Carta fora do baralho?

Em 29 de outubro de 2006, o rosto do ex-presidente Luiz Inácio Lula da Silva apareceu pela última vez em uma urna eletrônica. Isso não significa que, de lá para cá, ele viveu longe das disputas eleitorais. Foi o grande responsável por vitórias como as de Dilma Rousseff, para a Presidência, e de Fernando Haddad, para a prefeitura de São Paulo. Mas também sofreu derrotas como a de Alexandre Padilha para o governo paulista e uma série de prefeituras perdidas em 2016.

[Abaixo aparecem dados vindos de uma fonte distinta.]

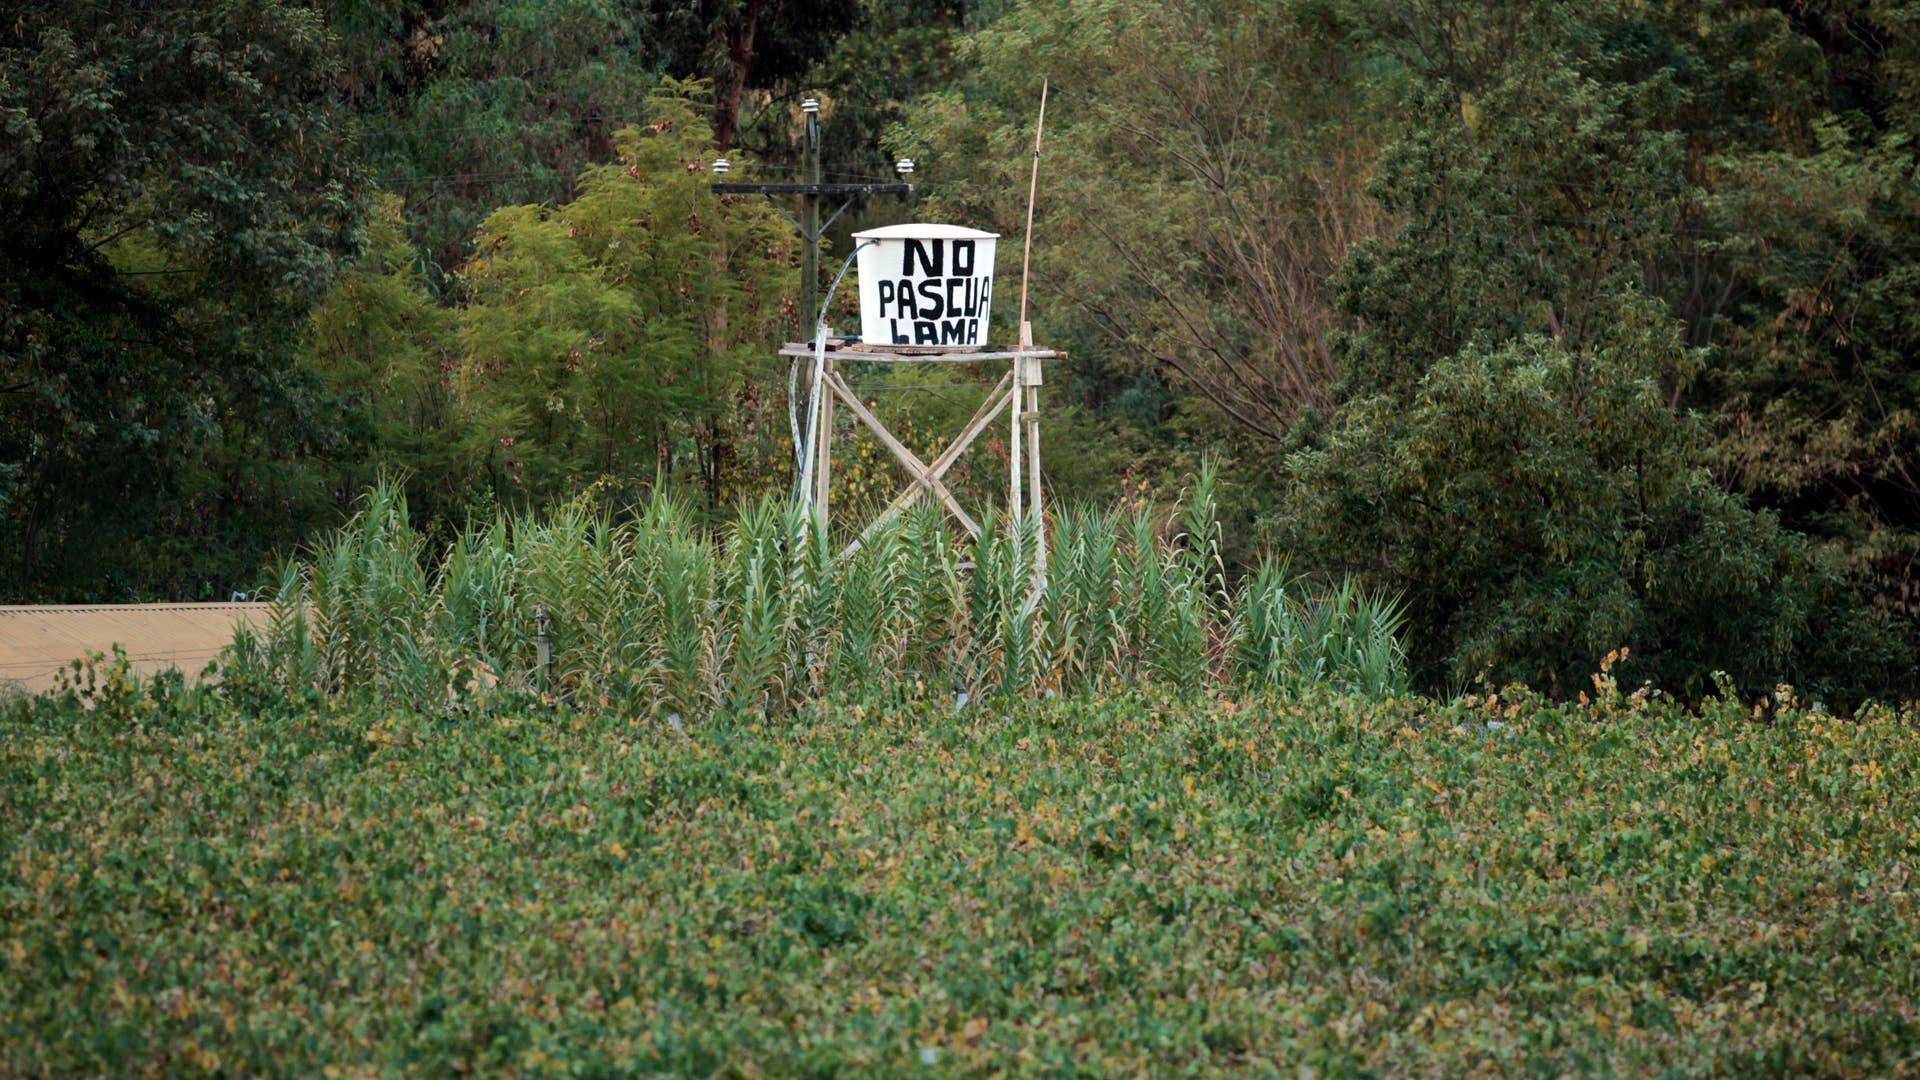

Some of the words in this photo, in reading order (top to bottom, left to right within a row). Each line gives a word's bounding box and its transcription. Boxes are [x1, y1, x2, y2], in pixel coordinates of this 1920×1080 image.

[903, 238, 975, 277] NO
[878, 276, 990, 321] PASCUA
[890, 318, 978, 345] LAMA
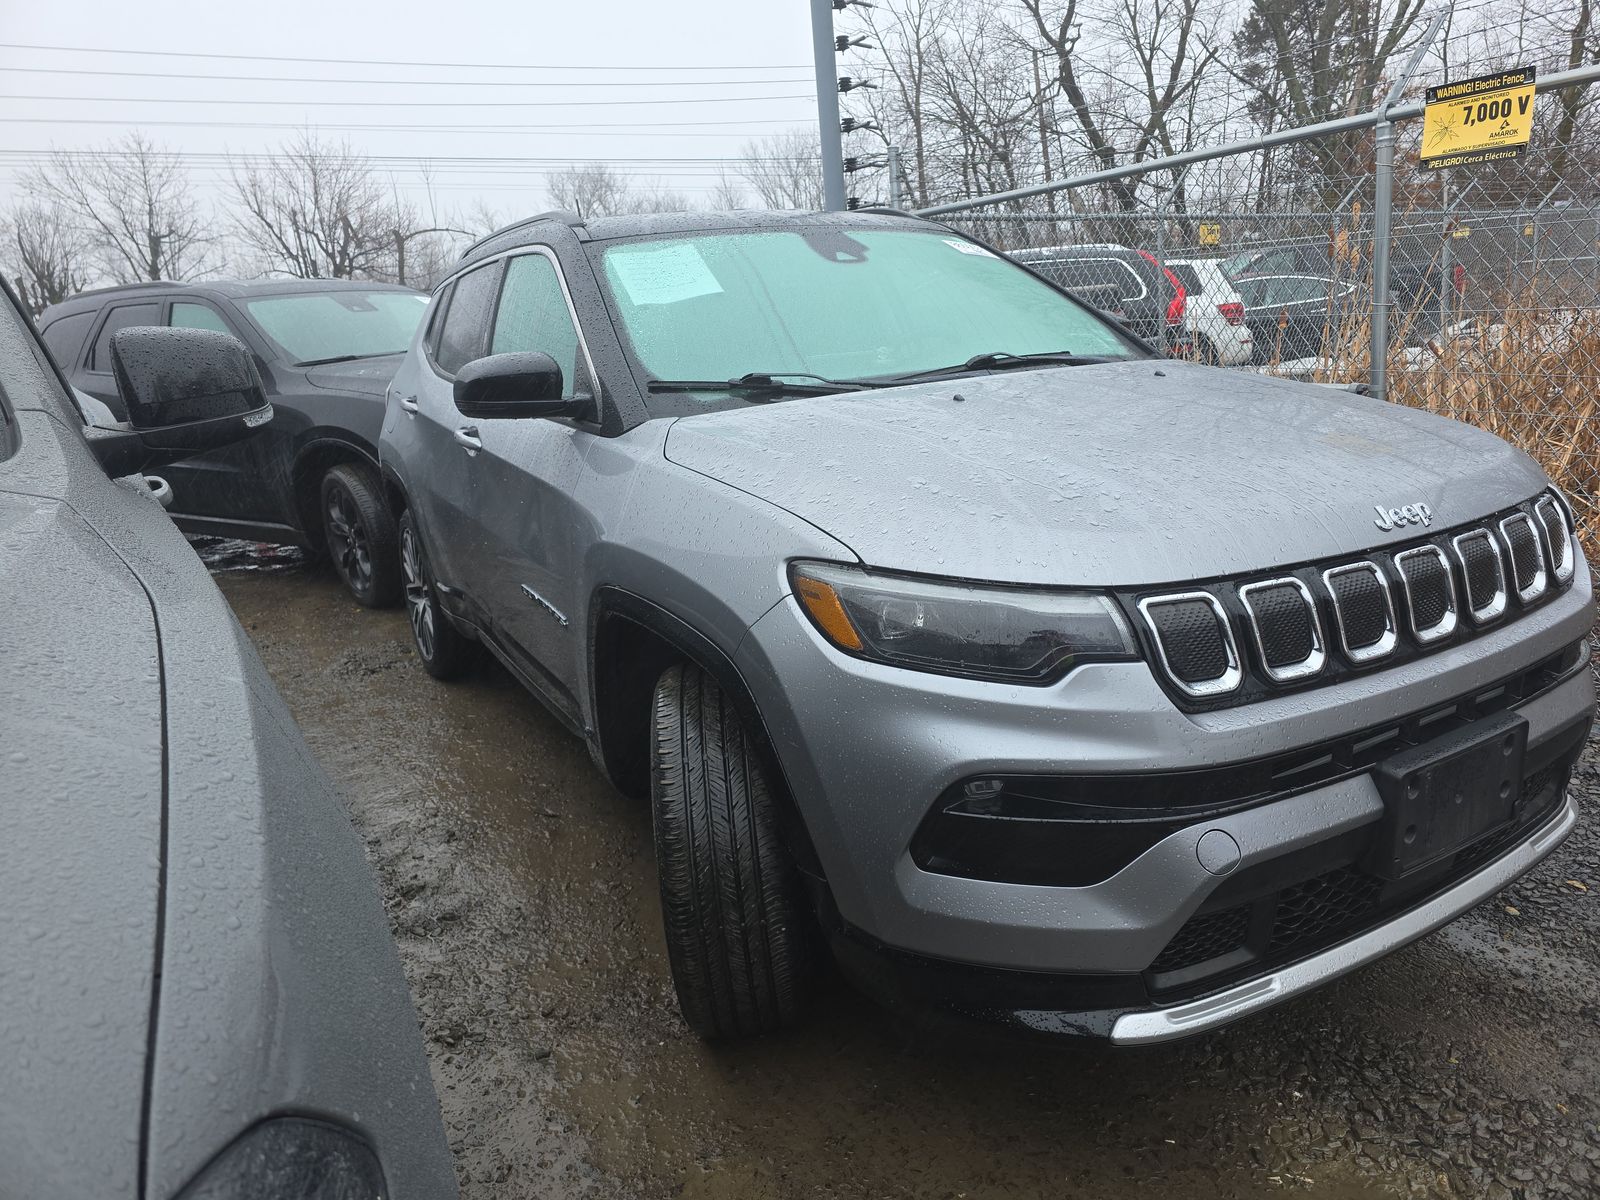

O retorno do petista aconteceria em 2018 – mas a condenação em segunda instância por corrupção passiva e lavagem de dinheiro no caso do triplex em Guarujá reduziu suas chances de participar do pleito. A inelegibilidade decorrente da Lei da Ficha Limpa modificou as peças do tabuleiro eleitoral, e os cenários sem Lula começam a se tornar os mais prováveis nas análises políticas.

Pesquisa divulgada pelo Instituto Datafolha no final de janeiro, poucos dias após a decisão do Tribunal Regional Federal da 4ª Região, mostra um contexto de incertezas e pulverização das intenções de voto. “Na ausência de Lula, destaca-se a alta significativa de intenção de votos nulos ou em branco, que oscilam de 24% a 32%, dependendo dos nomes consultados”, destaca o relatório do levantamento.

Chamuscado pelas denúncias e pela crise política e econômica que o país vive, Lula já não é o mesmo puxador de votos de outrora. Segundo a pesquisa, a capacidade de transferência do petista – ou seja, a tendência de seu eleitor escolher algum candidato apoiado por ele – é cada vez mais baixa. Hoje, 53% dos entrevistados não votaria em alguém indicado por Lula. Na primeira eleição de Dilma, em 2010, esse percentual era de apenas 23%.

Para Gabriel de Arruda Castro,  diretor-executivo do Instituto Monte Castelo, sediado em Brasília/DF, os números mostram que a renovação natural do eleitorado tende a dissipar ainda mais a capacidade de transferência de votos de Lula. “Ele deixou o cargo há oito anos. Quem tem 18 anos agora, por exemplo, provavelmente só conhece o Lula pelos escândalos de corrupção. Quem tem menos de 28 nem mesmo teve a oportunidade de votar em Lula antes”, destaca ele, que é mestre em Administração Pública pela Universidade da Pensilvânia, nos Estados Unidos.

Após atingir um pico de rejeição de 57% nas manifestações populares de 2016 que culminaram no impeachment de Dilma, Lula recuperou-se um pouco e agora chega a 40%. O percentual ainda é alto, segundo Castro, estando “no limite para inviabilizar o sucesso de uma candidatura eleitoral”. “A não ser que haja um trabalho muito bem feito durante a campanha, como o que João Santana fez com Dilma em 2010, essa rejeição alta é um sério problema para ele”, aponta.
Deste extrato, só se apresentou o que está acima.